• [Task goal]:
Transcribe, word for word, all of the entries below, and exclude any pictures from the copy.

• [Data excerpts]:

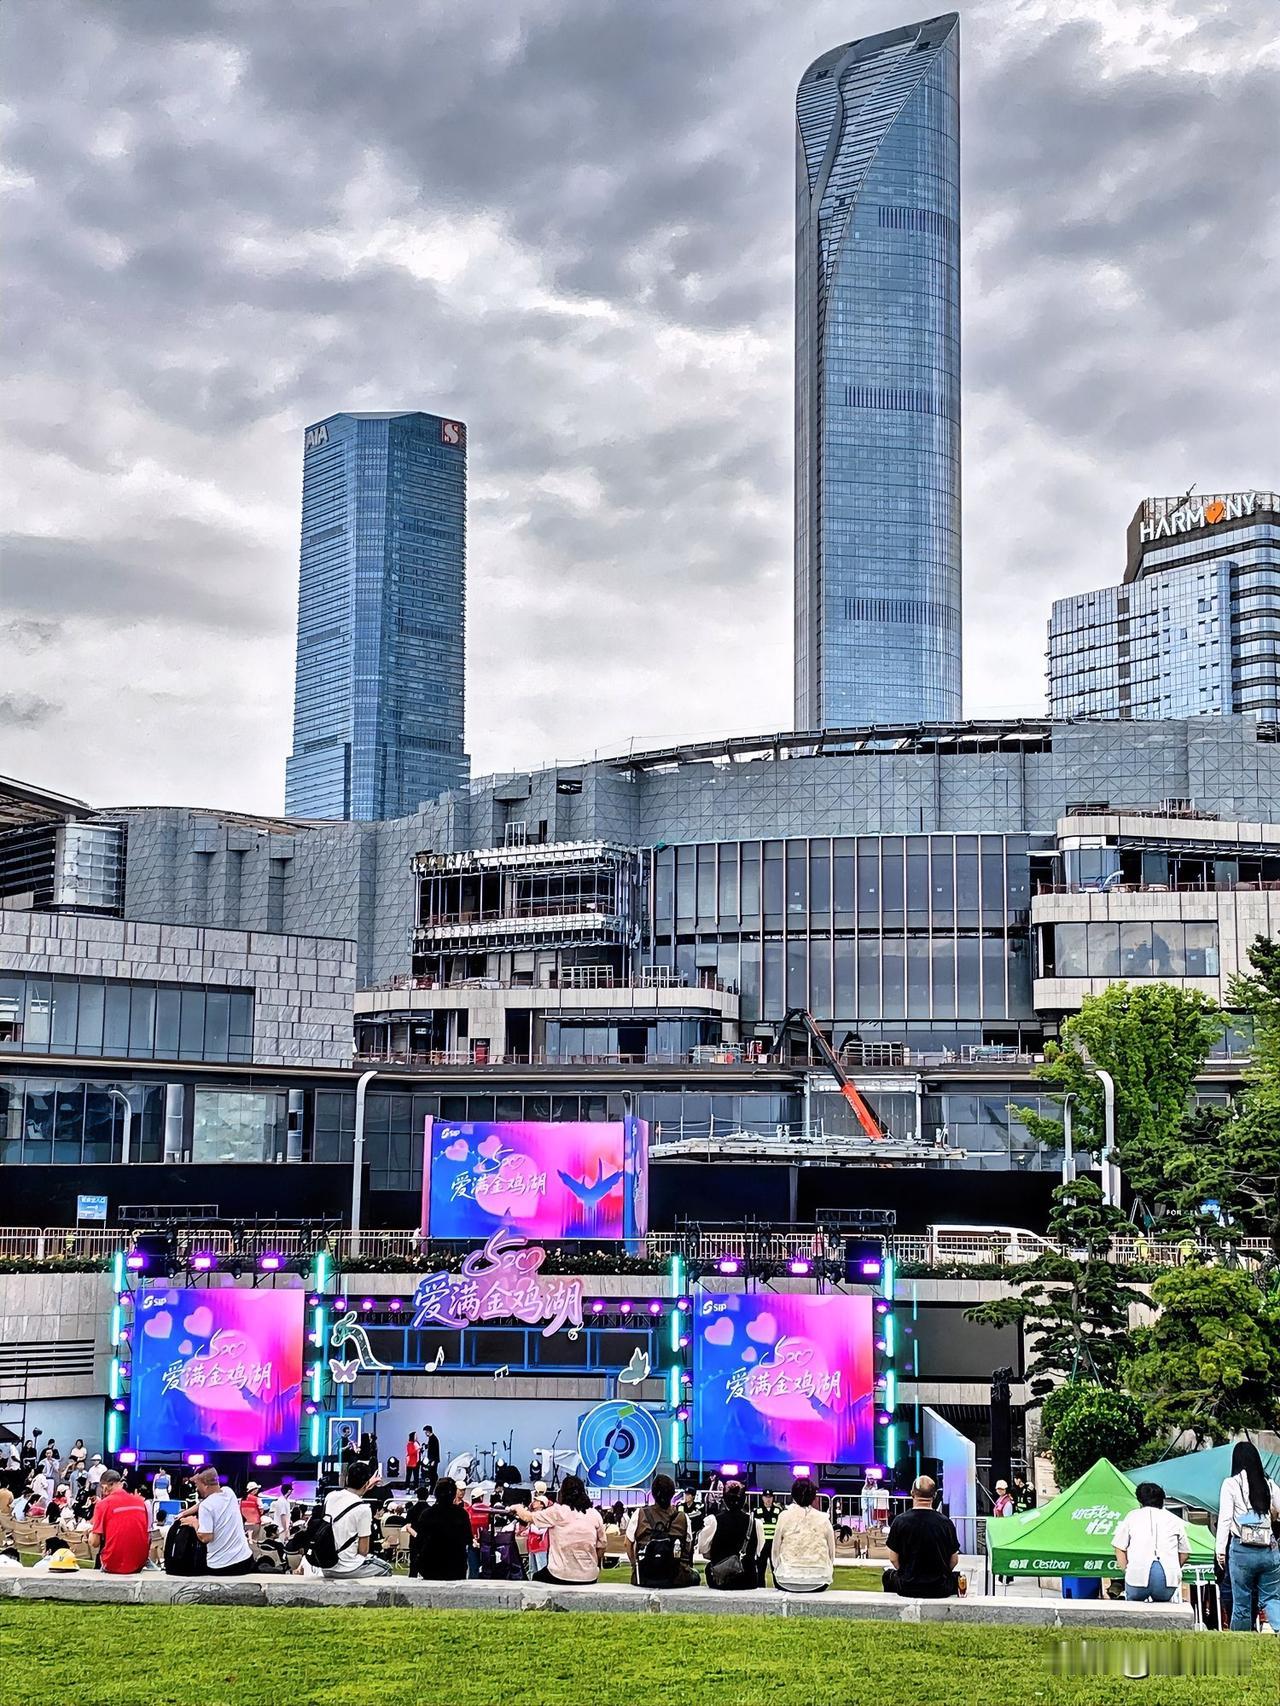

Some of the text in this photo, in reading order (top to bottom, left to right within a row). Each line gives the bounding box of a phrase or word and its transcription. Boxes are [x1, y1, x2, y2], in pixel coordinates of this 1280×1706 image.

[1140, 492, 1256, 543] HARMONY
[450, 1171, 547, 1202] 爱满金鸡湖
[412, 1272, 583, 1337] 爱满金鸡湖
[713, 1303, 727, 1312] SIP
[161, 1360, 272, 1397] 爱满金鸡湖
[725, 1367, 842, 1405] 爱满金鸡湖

• [Answer for this exercise]:
Some of the text in this photo, in reading order (top to bottom, left to right within a row). Each line gives the bounding box of a phrase or word and its transcription. Boxes are [x1, y1, x2, y2], in pixel coordinates of this 1280×1706 image.

[1140, 492, 1256, 543] HARMONY
[450, 1171, 547, 1202] 爱满金鸡湖
[412, 1272, 583, 1337] 爱满金鸡湖
[713, 1303, 727, 1312] SIP
[161, 1360, 272, 1397] 爱满金鸡湖
[725, 1367, 842, 1405] 爱满金鸡湖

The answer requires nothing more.